Bharti Hollikeri, Direktur Arkeologi, mengatakan patung lempengan vertikal batu kapur hijau sering disebut sebagai permata Phanigiri karena kualitas pahatan, komposisi, dan narasinya. Setelah dipinjamkan kepada mereka, empat panel dari situs tersebut baru-baru ini dikembalikan ke Museum Metropolitan New York dan Museum Nasional di Korea Selatan setelah setahun.

“Panel khusus ini tidak dapat dikirim karena mungkin akan semakin rusak. Sebagian besar patung dan panel penting dipajang di museum situs yang diresmikan tahun lalu,” tambahnya.

Sri Ramoju Haragopal, aktivis warisan budaya dan penyelenggara badan amal konservasi warisan Tim Telangana Charita Baru (KTCB) mengatakan bahwa detail dan fitur penggalian Fanigiri harus disampaikan kepada publik dalam bentuk buku dalam bahasa Inggris dan bahasa lainnya. menggunakan

“Artefak harus dilestarikan secara ilmiah dan dimasukkan ke dalam kotak kaca untuk disimpan di museum yang lebih besar dan lebih baik untuk generasi mendatang. Chaityagirha dan vihara harus dilindungi. Jika dilestarikan dengan baik, Fanigiri berpotensi menjadi situs warisan yang kaya di negara ini dan mungkin akan bersaing untuk mendapatkan tag Warisan Dunia UNESCO di masa depan,” ujarnya.

Hollikeri menjawab, “Masih terlalu dini untuk membicarakan tag Situs Warisan Dunia UNESCO. Prosesnya sangat panjang. Kami harus mengirimkan dokumen untuk masuk dalam daftar sementara dan sudah ada 57 orang dari India dalam daftar sementara. Ide kami adalah memasukkan sebanyak mungkin monumen ke dalam daftar sementara. Tentu saja situs ini mempunyai potensi.

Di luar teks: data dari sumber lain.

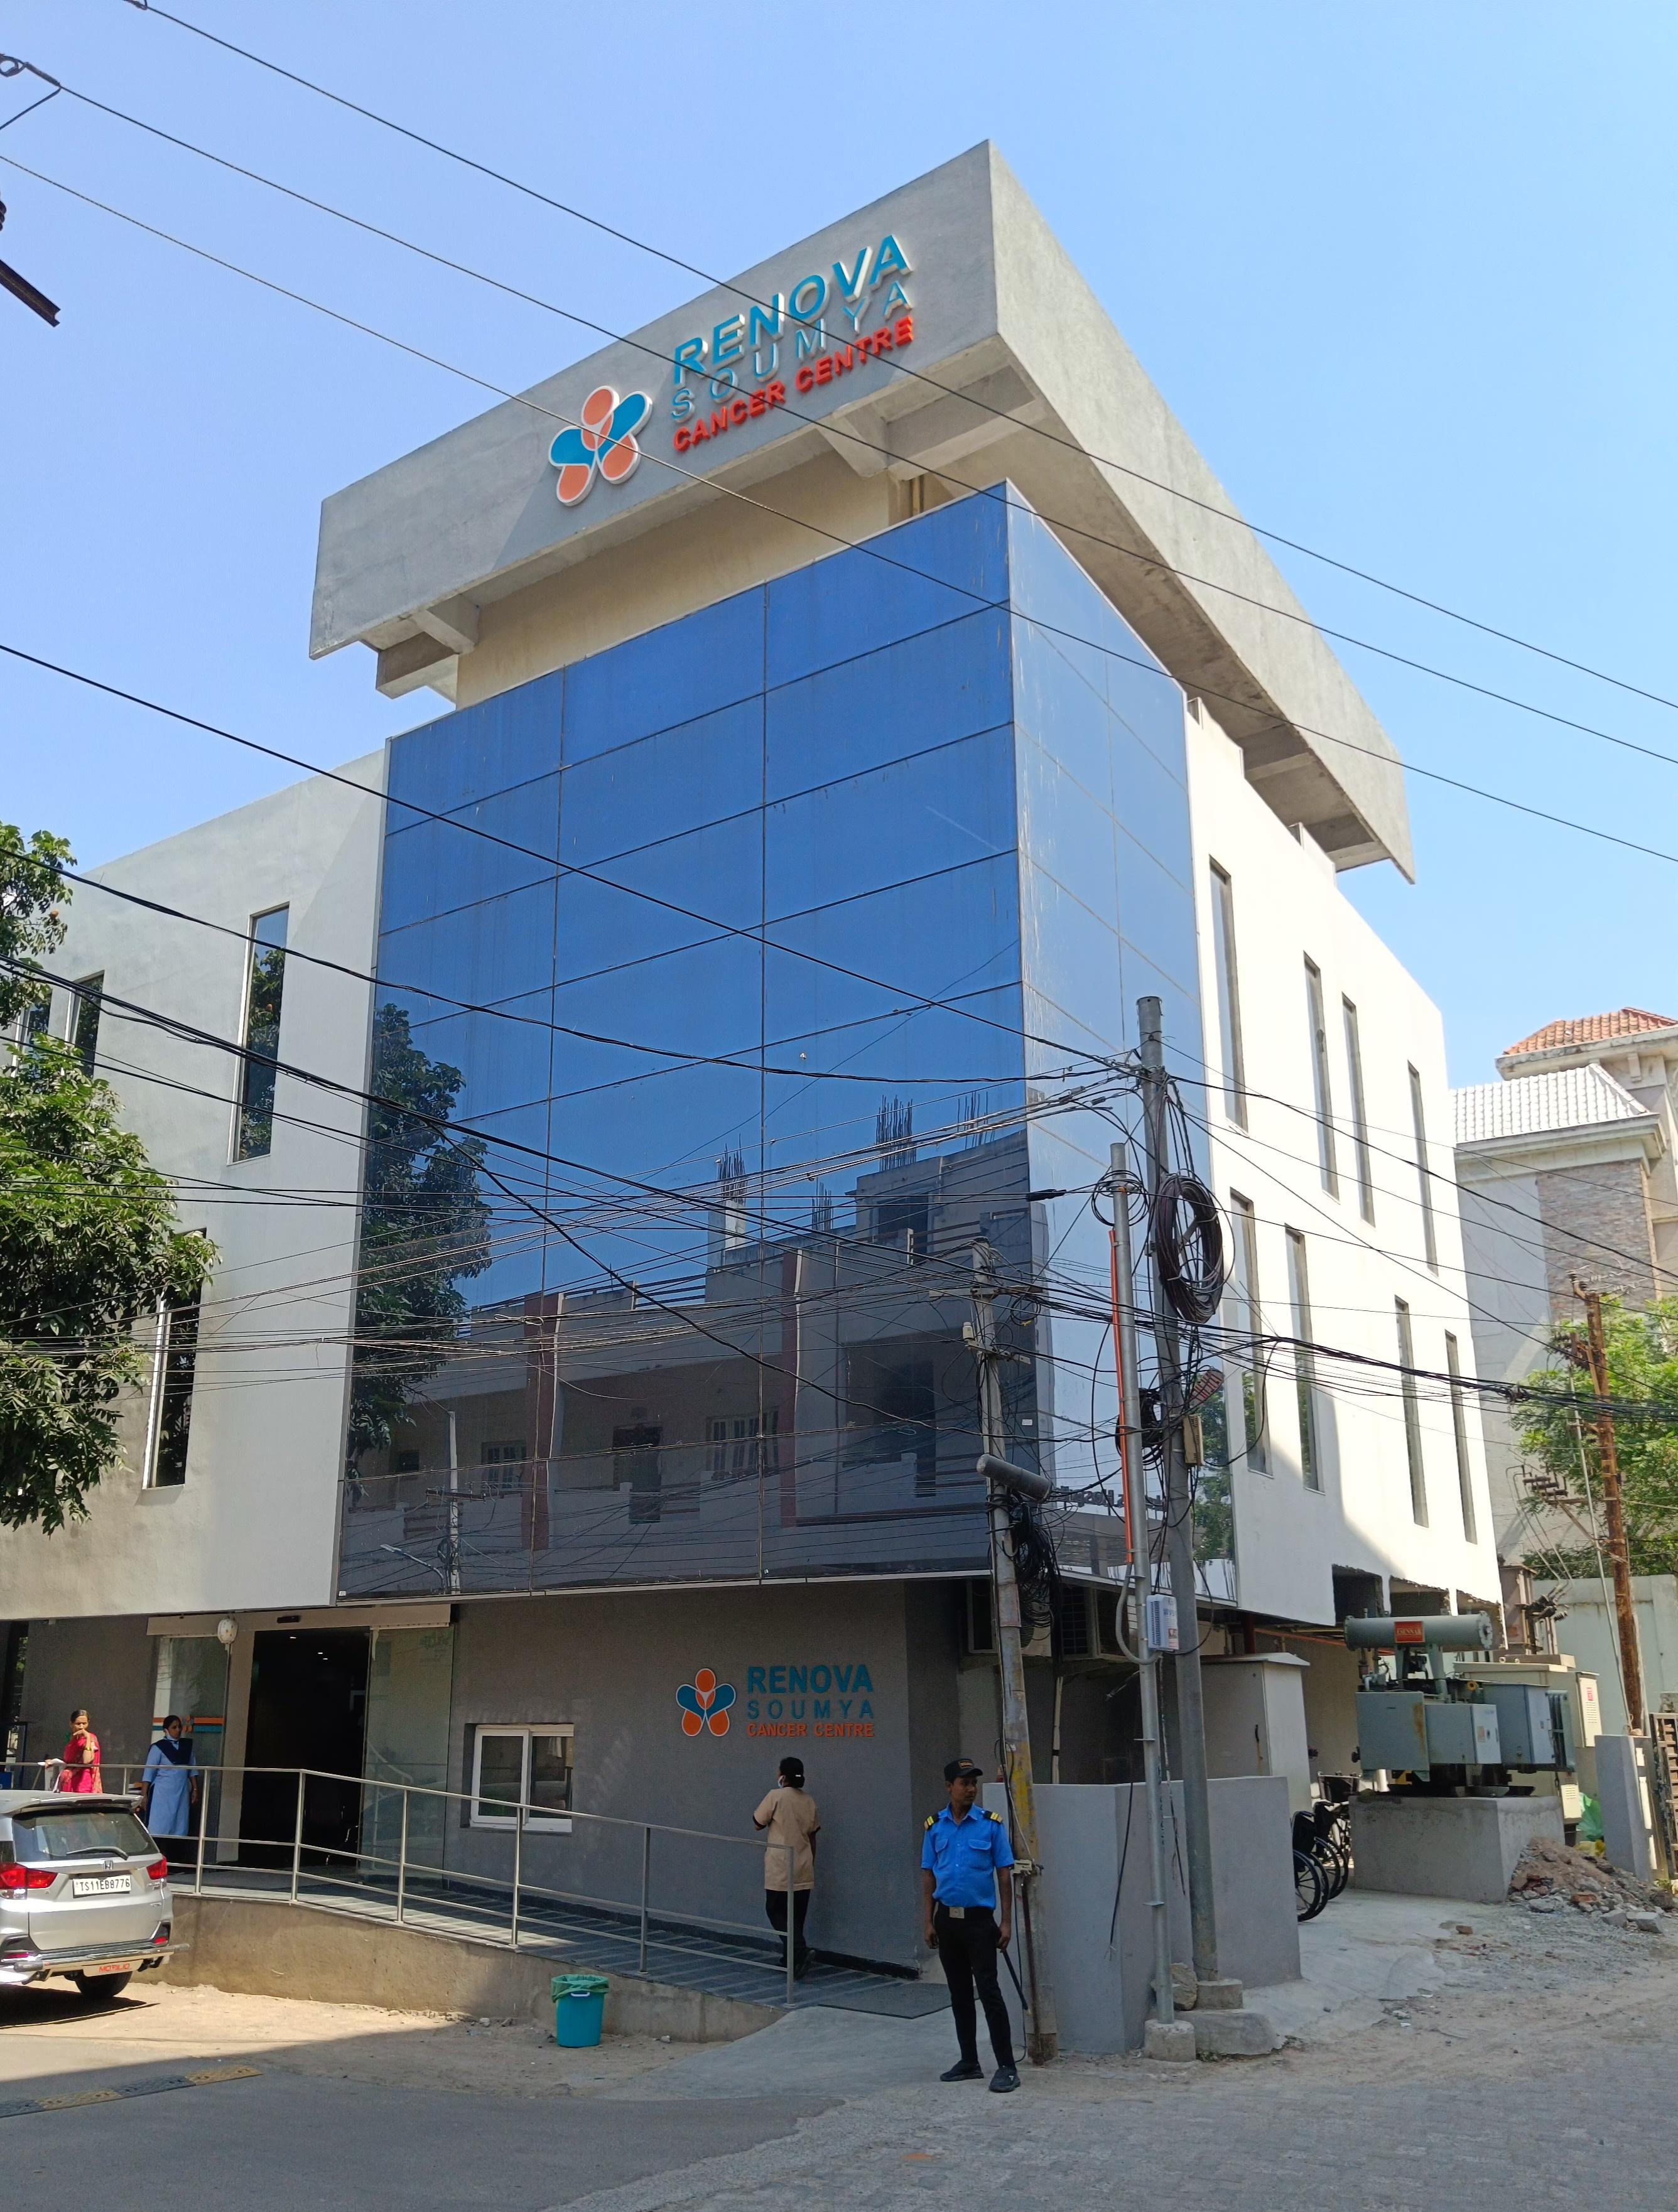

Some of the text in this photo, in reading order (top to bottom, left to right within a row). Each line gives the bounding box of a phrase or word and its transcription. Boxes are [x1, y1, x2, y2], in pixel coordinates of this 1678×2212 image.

[674, 234, 914, 388] RENOVA
[671, 281, 914, 423] SOUMYA
[673, 315, 914, 452] CANCER CENTRE
[747, 1664, 874, 1694] RENOVA
[746, 1699, 874, 1719] SOUMYA
[747, 1723, 874, 1737] CANCER CENTRE
[79, 1878, 130, 1892] TS11EB8776

Berbagi rencana departemennya untuk Fanigiri, dia mengatakan departemennya sedang mengerjakan sirkuit Budha yang menghubungkan situs-situs warisan penting di seluruh negara bagian.

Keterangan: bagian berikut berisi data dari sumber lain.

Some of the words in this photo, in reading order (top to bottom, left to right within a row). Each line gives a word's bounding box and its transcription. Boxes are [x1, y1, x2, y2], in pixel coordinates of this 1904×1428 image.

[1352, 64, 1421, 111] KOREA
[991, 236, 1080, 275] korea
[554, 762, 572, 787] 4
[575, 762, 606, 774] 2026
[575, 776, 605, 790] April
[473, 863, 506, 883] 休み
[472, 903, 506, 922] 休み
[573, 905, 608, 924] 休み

“Kami juga berencana membangun museum besar dan modern di dekat lokasi untuk menampung semua artefak dari Fanigiri. Penggalian kurang lebih sudah selesai dan fokus kami adalah melestarikan situs. Kami juga harus membangun beberapa fasilitas untuk masyarakat yang berkunjung, ” kata Hollikeri.